The push to acquire Acqueon also aligns with Five9’s plans to manage its expenses and improve profitability as it expands its footprint in India to pursue new growth opportunities and improve gross margins.

By the end of the second quarter of 2024, the number of hedge funds with positions in Five9, Inc. (NASDAQ:FIVN) had decreased to 34, down from 38 in the previous quarter. Among these hedge funds, Alyeska Investment Group emerged as the largest shareholder, holding a significant position valued at $94.22 million.

In its Q2 2023 investor letter, Brown Capital Management Mid Company Fund provided the following insight regarding Five9, Inc. (NASDAQ:FIVN):

“Five9, Inc. (NASDAQ:FIVN) is a leader in cloud-based contact-center software, which serves as the routing engine to connect callers to agents. With the growth of e-commerce, consumers are making fewer in-person visits to stores but contacting companies more frequently, driving the need for world-class contact-center software solutions like Five9’s. It has been a tough couple of years for Five9’s stock and this quarter provided no relief. Competitive concerns, questions about AI’s long-term impact on the business and deteriorating macroeconomic conditions have all cast clouds over the company’s stock. Five9’s consumer segment, one of its largest divisions, has really struggled of late as clients hire fewer call-center agents, pressuring Five9’s seat-based revenue model. Total revenue growth decelerated to 13% year-over-year in the most recent quarter, down from 28% and 17% in 2022 and 2023, respectively. Moreover, management guided to 16% for the full year 2024, which some consider optimistic given the weak start to the year. These worsening sales trends further weighed on shares during the quarter.

Looking through the current industry doldrums, we see a bright future for Five9. The company inked its largest deal ever during the quarter, which will generate more than $50 million in annual revenue once fully rolled out. We believe this is an important signal of Five9’s long-term potential. The company is attacking a $60 billion market opportunity, is winning new business at industry-leading rates and is gaining share from legacy incumbents stuck with antiquated technology. We continue to assess the potential threat of AI, but so far it has provided an uplift to company results.
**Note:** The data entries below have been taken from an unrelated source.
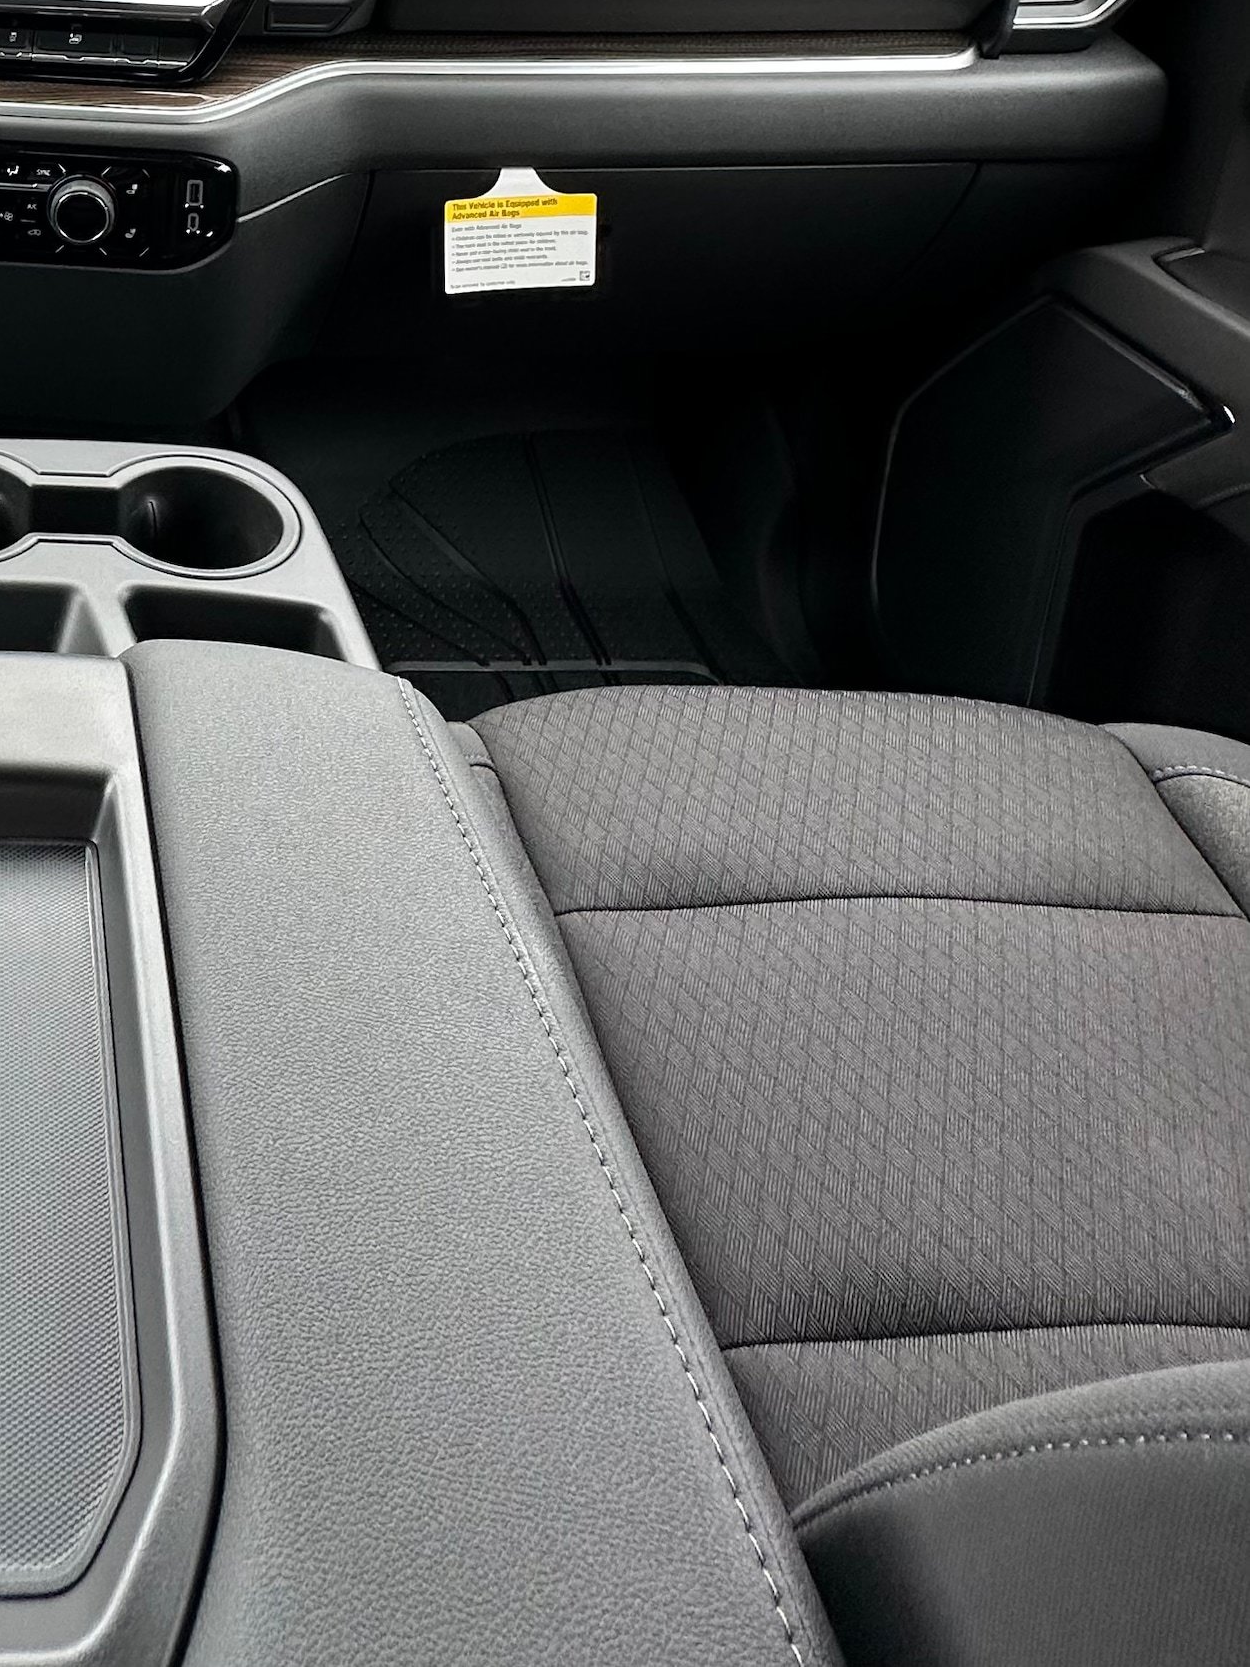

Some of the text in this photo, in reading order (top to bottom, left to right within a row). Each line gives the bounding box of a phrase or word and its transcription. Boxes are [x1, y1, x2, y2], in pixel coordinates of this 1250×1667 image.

[452, 203, 467, 212] This
[469, 201, 495, 210] Vehicle
[505, 199, 540, 210] Equipped
[541, 198, 558, 207] with
[452, 208, 520, 221] Advanced Air Bags
The company’s AI product is very popular with large enterprises as it assists agents with customer interactions and can sometimes be used to fully automate interactions. Far from shrinking the number of industry seats, as some fear, management said revenue per seat doubles when customers adopt their AI applications. We expect sales growth to pick up markedly in the coming years, which should result in much stronger stock performance.”